Flurbiprofen cataplasms: Development and validation of in-vitro dissolution methods and evaluation of multimedia dissolution profiles

Abstract

The investigation of the systemic release performance of dosage forms using in vitro tools is a crucial objective in the realm of pharmaceutical development. The dissolution methodology is an effective tool for monitoring batch-to-batch variabilities in quality control and gaining insight into the release mechanisms of pharmaceutical drugs. The majority of the dissolution techniques that have been approved are primarily intended for solid oral dosage forms.
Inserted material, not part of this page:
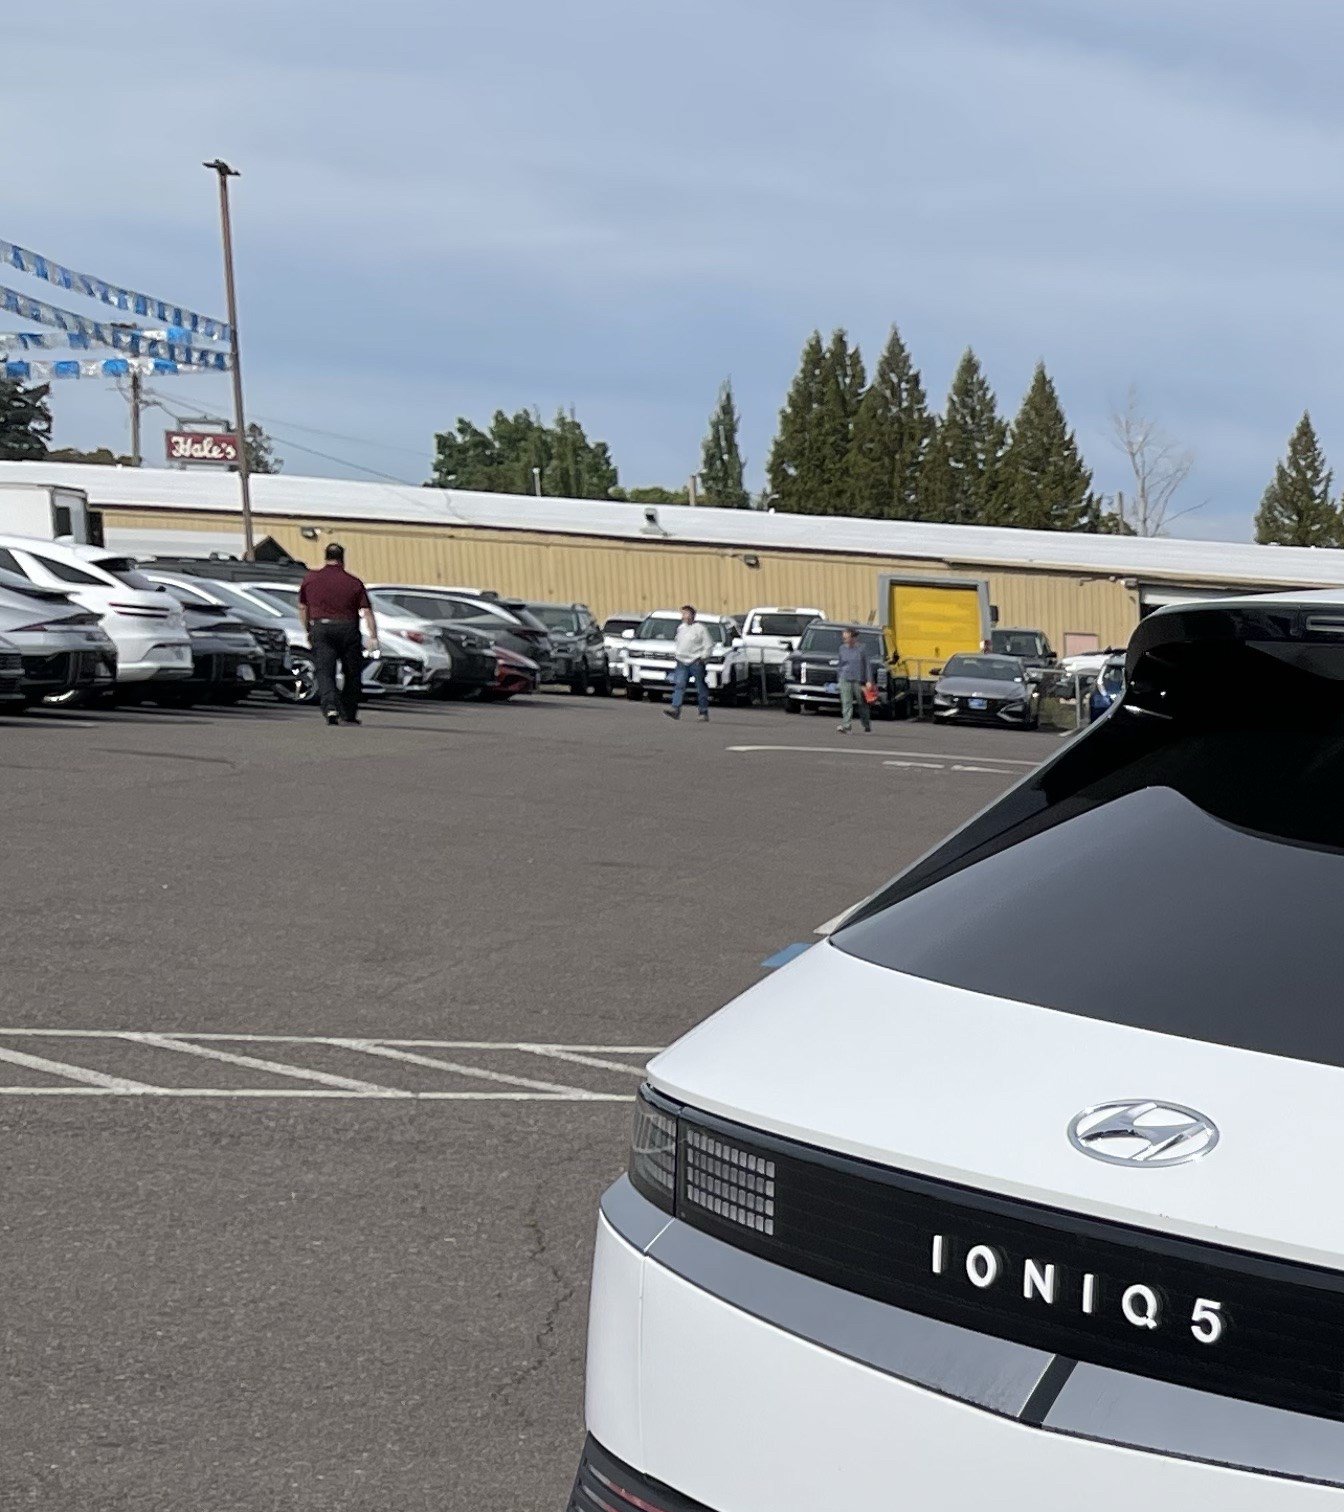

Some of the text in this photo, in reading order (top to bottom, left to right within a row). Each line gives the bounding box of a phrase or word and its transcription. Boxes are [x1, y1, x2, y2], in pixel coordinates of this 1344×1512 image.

Nevertheless, these techniques have also been applied to various other dosage forms, including transdermal drug delivery systems. The administration of medication through cataplasm, a transdermal application, poses challenges in understanding the characteristics of drug release. Flurbiprofen is classified as a class II drug according to the Biopharmaceutics Classification System and is commonly administered in the form of a cataplasm for its analgesic properties. A dissolution method was developed to assess the in vitro release profile of the flurbiprofen transdermal delivery system. This method utilized a United States Pharmacopeia dissolution apparatus V, with a disc assembled over the paddle. Additionally, a method for quantification was developed using liquid chromatography. The discriminatory aspect of the developed method has faced criticism due to substantial alterations in excipient composition. Furthermore, we have developed clearly defined multimedia release profiles within the physiological pH range. The validation of the dissolution and chromatography systems was conducted.